◆ **What you need to do**
Copy out the data exactly as it appears, without a single image.

◆ **Input data**
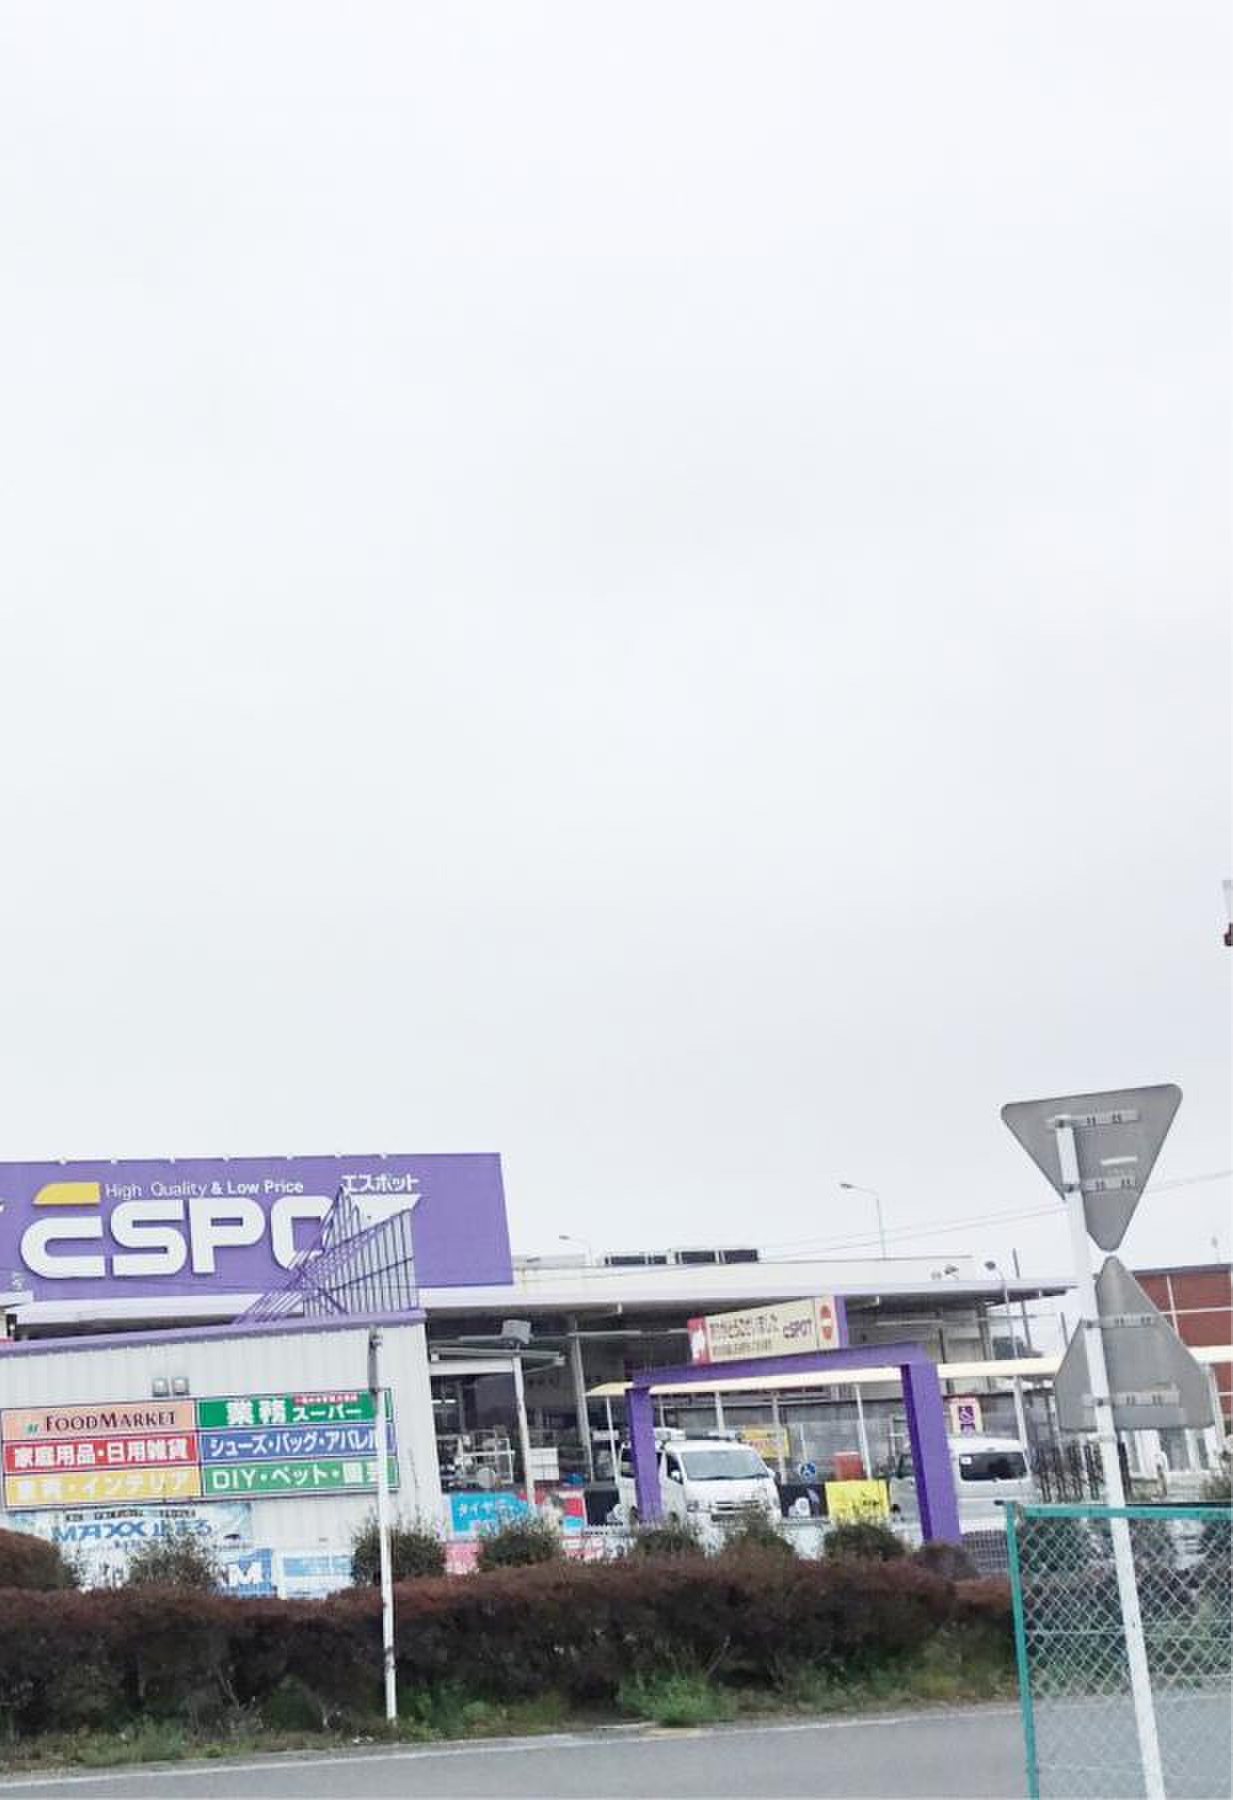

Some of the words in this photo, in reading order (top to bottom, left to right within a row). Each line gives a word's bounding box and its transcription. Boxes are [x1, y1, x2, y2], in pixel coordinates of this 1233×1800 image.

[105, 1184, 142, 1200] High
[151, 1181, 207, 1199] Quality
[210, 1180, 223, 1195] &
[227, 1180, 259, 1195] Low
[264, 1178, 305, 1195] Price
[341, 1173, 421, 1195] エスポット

◆ **Answer to this task**
Some of the words in this photo, in reading order (top to bottom, left to right within a row). Each line gives a word's bounding box and its transcription. Boxes are [x1, y1, x2, y2], in pixel coordinates of this 1233×1800 image.

[105, 1184, 142, 1200] High
[151, 1181, 207, 1199] Quality
[210, 1180, 223, 1195] &
[227, 1180, 259, 1195] Low
[264, 1178, 305, 1195] Price
[341, 1173, 421, 1195] エスポット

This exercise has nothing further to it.